Handkerchief And Coin Trick

Effect
The magician sticks the coin into the hanky, flips the handkerchief over and the coin disappears.

Method
You secretly wrap a rubber band around your finger and thumb. Then you place the hanky in that hand. With your other hand place the coin in the hanky. Then let the rubber band slide off your fingers and onto the hanky so it surrounds the coin and it is under the hanky. Then you slide your hand up to the end of the hanky and give it a good shake. That makes it look like the coin disappeared. The coin is really held in the hanky by the rubber band, invisible to everyone as the hanky material surrounds it.

Palm Penetration

Effect
You ask the spectator to hold out his or her hand palm up. You in turn place your hand on top of theirs, palm down. With your other hand you place a quarter or other coin on top of your hand and explain to the spectator that with one quick slap of the coin you will make it pass through your hand and into theirs!

Materials Needed
2 identical coins, small piece of transparent adhesive tape or magician's wax, (for advanced magicians super fast sleight of hand will do)

Method
When you place your hand on top of the spectators open hand, you will already have the coin in your palm. If you place your hand on theirs quickly enough, the coin will not fall nor will the spectator already feel it in their hand! You then place the other coin on top, on the back of your hand. On the palm of your hand, which is not touching the spectator, is where the tape or wax will be. Then with a quick motion, you smack the top of the coin, which actually gets stuck to the tape/wax. Slowly remove your other hand to let the surprised spectator see how it "magically" passed through your hand! For those advanced magicians out there (you know who you are) you can grab the quarter instead of using the tape/wax. If you do not wish to use the spectators hand you can do the same trick on your lap, but in their hand sells the trick much better.

French Drop!

Put your coin in your left hand. Not too hard. You can do it with your right hand. As your right covers your left, drop the coin, so it rests in your left palm. Keep the coin stuck in your palm, and make it look like the coin is in your right hand, but your lying. Its okay, this one won’t hurt you. Then, throw your "coin" at someone, and they will be stunned. Now, quickly make the coin really disappear! HEY! Okay everyone!

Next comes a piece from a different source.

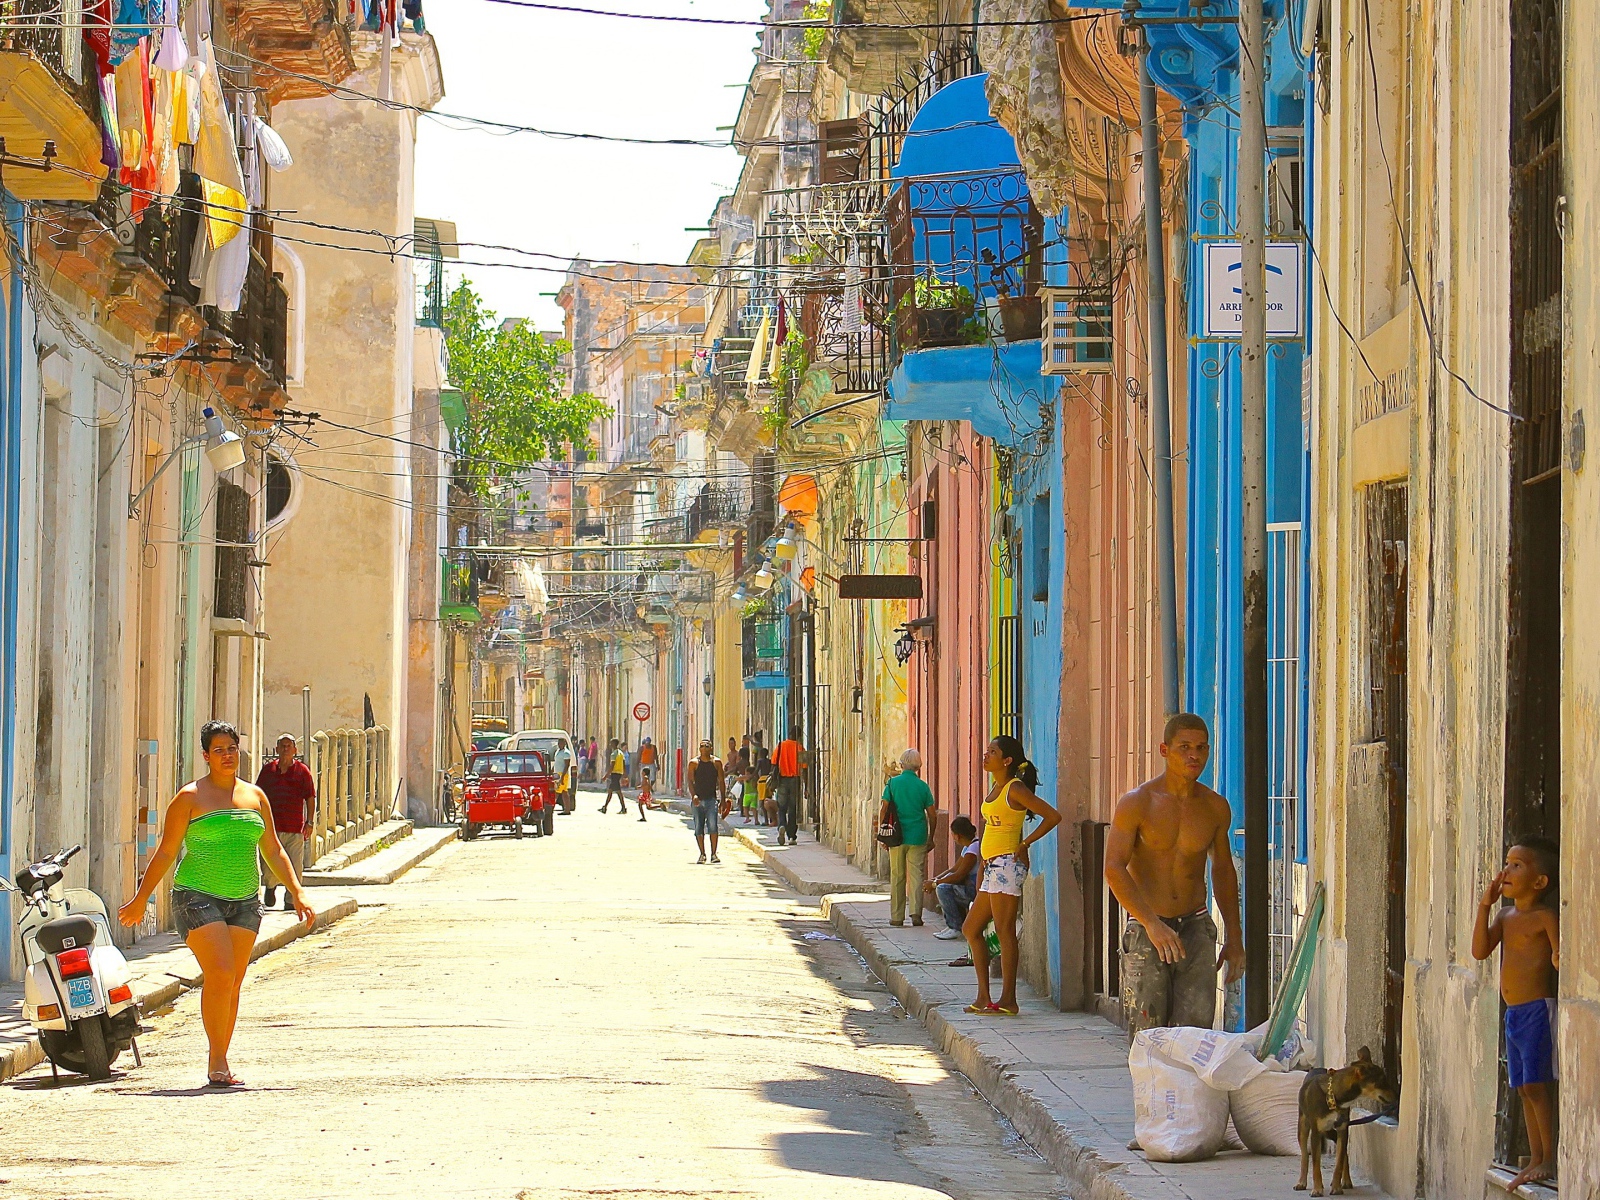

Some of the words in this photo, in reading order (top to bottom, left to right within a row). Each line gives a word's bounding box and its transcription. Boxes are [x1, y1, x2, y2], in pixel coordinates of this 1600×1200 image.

[1219, 302, 1284, 311] ARREDOR
[68, 979, 91, 994] HZB
[71, 992, 94, 1006] 203

Here's a cool, and very useful COIN TRICK: Sit at a table, without a weird edge, preferably, and take your coin (I suggest a quarter for most coin tricks) and place it on the table. Put your hand over the quarter and slowly slide towards you. When you reach the edge, with your hand still covering it, pretend to pick it up, but actually let it drop to your lap. Pretend to hold the coin, and then look like you will throw it in the air, or at someone, but it has disappeared! Suggestions, don't let anyone stand behind you, just let everyone sot down, somewhere, as long as they can’t look into your lap.

Coin to Biscuit

Effect
A borrowed, marked coin vanishes. Volunteer hands you a biscuit, and you eat up to halfway. The coin is seen in the middle of the biscuit. As the dealer ads. Would say - no duplicates, no fakes, no stooges, no specially prepared biscuits - NO PROBLEMS!

Method
Borrow a coin from a member of the audience and get it marked. Vanish the coin in anyway you like. I personally like the bobo vanish. Retain the coin in your right hand as you show the left empty. If you have skills, show both hands empty. (I have customized a changeover palm to work with nearly any object, so try one for you!) With the coin in your right hand, ask the volunteer to give you a biscuit. Take this with your left hand. Whilst doing this, get the coin in the upper front finger clip. Pass the biscuit over into your right hand resting the biscuit on the coin.
Take the biscuit again with your left hand and press the coin flat against the back of the biscuit. Take a bite out of the biscuit, and push the coin up the back until it just sticks out the top. The owner will notice it, and you pull it out and hand it back, then eat the rest of the biscuit, and remove the coin, saying that a filling has come out, and show the coin!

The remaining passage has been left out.